Crippled CEO Blog #107: Manners matter

Crippled CEO Blog #107:

There’s an aspect of success that I don’t think gets talked about enough.

We hear a lot about intelligence, hard work, creativity, and determination.

You’ve heard me talk a lot about integrity and character. Doing the right thing is always the right thing.

But you know what is tremendously important that you practically never hear about?


Being polite. 

It sounds silly, doesn’t it? Anachronistic. Outdated. 


OK, boomer. 

But seriously. Manners. 

I’ve had vendors who provide quality products and objectively solid customer service whom I actively try to replace with other companies because they’re rude. 

I just don’t like them. They’re not nice.

I left the bank I’d been with for over 20 years for the same reason, and the bank I switched to was the flip side — my contact at BankUnited, Javier, is the most polite, most courteous, nicest to work with banker on the planet. His employer earned millions of dollars in new accounts exclusively because of how nice he is. 

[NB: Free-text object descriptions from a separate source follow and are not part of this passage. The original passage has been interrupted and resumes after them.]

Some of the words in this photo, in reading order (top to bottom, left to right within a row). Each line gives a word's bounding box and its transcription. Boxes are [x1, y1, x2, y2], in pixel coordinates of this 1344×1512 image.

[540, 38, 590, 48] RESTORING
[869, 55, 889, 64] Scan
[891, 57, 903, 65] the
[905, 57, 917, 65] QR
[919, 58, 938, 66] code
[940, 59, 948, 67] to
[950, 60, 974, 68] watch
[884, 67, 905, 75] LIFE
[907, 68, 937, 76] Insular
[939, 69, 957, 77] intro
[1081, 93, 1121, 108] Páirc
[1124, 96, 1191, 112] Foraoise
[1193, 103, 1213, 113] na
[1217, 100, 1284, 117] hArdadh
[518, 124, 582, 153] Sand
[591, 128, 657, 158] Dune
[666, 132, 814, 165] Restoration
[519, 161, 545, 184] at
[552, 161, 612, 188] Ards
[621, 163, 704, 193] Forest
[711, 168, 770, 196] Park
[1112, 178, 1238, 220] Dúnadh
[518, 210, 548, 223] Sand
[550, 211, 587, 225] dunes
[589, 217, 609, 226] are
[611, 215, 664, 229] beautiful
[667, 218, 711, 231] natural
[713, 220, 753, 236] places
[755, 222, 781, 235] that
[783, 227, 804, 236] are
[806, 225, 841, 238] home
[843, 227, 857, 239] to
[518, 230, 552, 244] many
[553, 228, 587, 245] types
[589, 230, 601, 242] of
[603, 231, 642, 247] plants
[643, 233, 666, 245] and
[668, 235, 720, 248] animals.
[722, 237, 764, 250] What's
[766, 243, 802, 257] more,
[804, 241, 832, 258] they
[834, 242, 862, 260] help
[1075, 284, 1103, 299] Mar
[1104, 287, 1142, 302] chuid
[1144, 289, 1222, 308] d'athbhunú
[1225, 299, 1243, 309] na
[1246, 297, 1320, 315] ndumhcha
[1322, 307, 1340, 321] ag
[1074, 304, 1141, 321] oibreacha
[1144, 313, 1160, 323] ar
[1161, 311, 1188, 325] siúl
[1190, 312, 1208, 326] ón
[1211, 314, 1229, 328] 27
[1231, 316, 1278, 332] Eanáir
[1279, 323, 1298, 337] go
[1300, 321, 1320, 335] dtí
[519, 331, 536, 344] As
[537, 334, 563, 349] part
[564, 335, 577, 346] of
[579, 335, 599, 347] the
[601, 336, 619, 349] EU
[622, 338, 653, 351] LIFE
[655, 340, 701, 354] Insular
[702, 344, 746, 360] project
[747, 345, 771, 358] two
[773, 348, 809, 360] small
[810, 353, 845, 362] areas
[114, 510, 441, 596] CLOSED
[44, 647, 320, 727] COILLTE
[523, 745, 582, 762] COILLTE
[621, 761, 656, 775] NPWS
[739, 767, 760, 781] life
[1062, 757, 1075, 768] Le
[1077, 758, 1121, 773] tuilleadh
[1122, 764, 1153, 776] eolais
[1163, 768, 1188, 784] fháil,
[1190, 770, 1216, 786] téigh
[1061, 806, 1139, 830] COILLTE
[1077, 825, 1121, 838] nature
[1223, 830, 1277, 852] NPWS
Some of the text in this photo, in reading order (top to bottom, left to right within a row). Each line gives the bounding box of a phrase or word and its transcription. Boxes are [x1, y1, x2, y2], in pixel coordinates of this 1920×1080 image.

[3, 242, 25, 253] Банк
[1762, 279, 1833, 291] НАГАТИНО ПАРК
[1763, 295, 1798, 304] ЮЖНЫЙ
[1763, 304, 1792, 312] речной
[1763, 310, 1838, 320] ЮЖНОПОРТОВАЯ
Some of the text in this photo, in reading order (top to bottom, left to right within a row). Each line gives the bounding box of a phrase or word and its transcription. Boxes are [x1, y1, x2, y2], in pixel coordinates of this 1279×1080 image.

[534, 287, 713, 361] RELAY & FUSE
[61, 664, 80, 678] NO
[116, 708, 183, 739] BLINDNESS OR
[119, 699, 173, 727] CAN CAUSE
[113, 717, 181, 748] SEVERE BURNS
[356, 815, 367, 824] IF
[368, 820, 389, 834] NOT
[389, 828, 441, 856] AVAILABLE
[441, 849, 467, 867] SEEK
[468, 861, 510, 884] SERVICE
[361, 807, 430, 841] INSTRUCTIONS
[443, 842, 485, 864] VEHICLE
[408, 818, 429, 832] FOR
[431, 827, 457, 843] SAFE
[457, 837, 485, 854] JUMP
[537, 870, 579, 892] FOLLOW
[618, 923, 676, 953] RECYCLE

The same goes for customers. I’ve fired otherwise good customers because they are jerks. I’ve kept around poor performers because they are really nice.

Employees, too. If you do great work, but you’re rude to the people around you, I don’t want you. I would much rather have the person who isn’t quite as productive, but makes the environment a lovelier place for everybody around her.

So, yeah. Politeness. Go figure. 

(Do you know who I always let be rude to me? Your mom. She gets a text from me every Sunday, as well, with a link to the latest blog. If you text the number 484848 with the word CRIP as the message, you can, too.)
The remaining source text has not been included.